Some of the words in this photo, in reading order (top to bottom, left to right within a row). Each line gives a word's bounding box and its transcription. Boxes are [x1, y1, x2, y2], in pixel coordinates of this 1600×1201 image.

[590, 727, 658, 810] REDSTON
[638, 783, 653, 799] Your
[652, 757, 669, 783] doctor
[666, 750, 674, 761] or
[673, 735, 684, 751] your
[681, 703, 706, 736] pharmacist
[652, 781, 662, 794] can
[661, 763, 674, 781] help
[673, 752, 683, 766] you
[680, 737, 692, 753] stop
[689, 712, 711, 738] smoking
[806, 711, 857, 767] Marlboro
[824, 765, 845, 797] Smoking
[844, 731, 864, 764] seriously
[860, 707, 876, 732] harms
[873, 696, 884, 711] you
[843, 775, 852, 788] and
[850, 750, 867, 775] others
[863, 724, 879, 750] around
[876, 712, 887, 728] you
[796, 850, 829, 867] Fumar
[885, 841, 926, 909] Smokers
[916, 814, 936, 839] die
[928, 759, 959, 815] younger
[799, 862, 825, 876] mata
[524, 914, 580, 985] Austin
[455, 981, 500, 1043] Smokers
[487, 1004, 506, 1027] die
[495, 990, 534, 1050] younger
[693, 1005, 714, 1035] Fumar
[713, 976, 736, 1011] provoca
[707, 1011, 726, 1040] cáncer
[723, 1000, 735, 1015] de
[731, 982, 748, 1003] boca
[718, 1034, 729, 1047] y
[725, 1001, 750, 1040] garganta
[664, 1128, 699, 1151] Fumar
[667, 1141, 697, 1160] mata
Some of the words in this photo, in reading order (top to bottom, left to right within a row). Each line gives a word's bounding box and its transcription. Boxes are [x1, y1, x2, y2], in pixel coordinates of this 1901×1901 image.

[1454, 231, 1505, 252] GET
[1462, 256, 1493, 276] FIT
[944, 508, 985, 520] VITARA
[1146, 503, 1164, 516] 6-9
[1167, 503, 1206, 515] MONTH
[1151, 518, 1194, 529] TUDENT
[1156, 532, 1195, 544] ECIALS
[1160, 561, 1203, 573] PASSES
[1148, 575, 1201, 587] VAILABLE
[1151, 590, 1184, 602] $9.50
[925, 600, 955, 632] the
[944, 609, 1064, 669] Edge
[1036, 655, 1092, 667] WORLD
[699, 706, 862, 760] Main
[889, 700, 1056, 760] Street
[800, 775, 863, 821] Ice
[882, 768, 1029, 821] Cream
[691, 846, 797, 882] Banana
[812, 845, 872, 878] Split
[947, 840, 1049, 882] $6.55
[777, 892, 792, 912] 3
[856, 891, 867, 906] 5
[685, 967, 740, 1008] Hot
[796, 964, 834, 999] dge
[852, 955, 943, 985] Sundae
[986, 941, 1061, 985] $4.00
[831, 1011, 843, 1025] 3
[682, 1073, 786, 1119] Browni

====

## DESCRIPTION OF THE TASK
Beginning with the line that contains "this 1901×1901 image.", repeat every line through the end of the records and nothing more.

## ANSWER TO THIS PROBLEM
Some of the words in this photo, in reading order (top to bottom, left to right within a row). Each line gives a word's bounding box and its transcription. Boxes are [x1, y1, x2, y2], in pixel coordinates of this 1901×1901 image.

[1454, 231, 1505, 252] GET
[1462, 256, 1493, 276] FIT
[944, 508, 985, 520] VITARA
[1146, 503, 1164, 516] 6-9
[1167, 503, 1206, 515] MONTH
[1151, 518, 1194, 529] TUDENT
[1156, 532, 1195, 544] ECIALS
[1160, 561, 1203, 573] PASSES
[1148, 575, 1201, 587] VAILABLE
[1151, 590, 1184, 602] $9.50
[925, 600, 955, 632] the
[944, 609, 1064, 669] Edge
[1036, 655, 1092, 667] WORLD
[699, 706, 862, 760] Main
[889, 700, 1056, 760] Street
[800, 775, 863, 821] Ice
[882, 768, 1029, 821] Cream
[691, 846, 797, 882] Banana
[812, 845, 872, 878] Split
[947, 840, 1049, 882] $6.55
[777, 892, 792, 912] 3
[856, 891, 867, 906] 5
[685, 967, 740, 1008] Hot
[796, 964, 834, 999] dge
[852, 955, 943, 985] Sundae
[986, 941, 1061, 985] $4.00
[831, 1011, 843, 1025] 3
[682, 1073, 786, 1119] Browni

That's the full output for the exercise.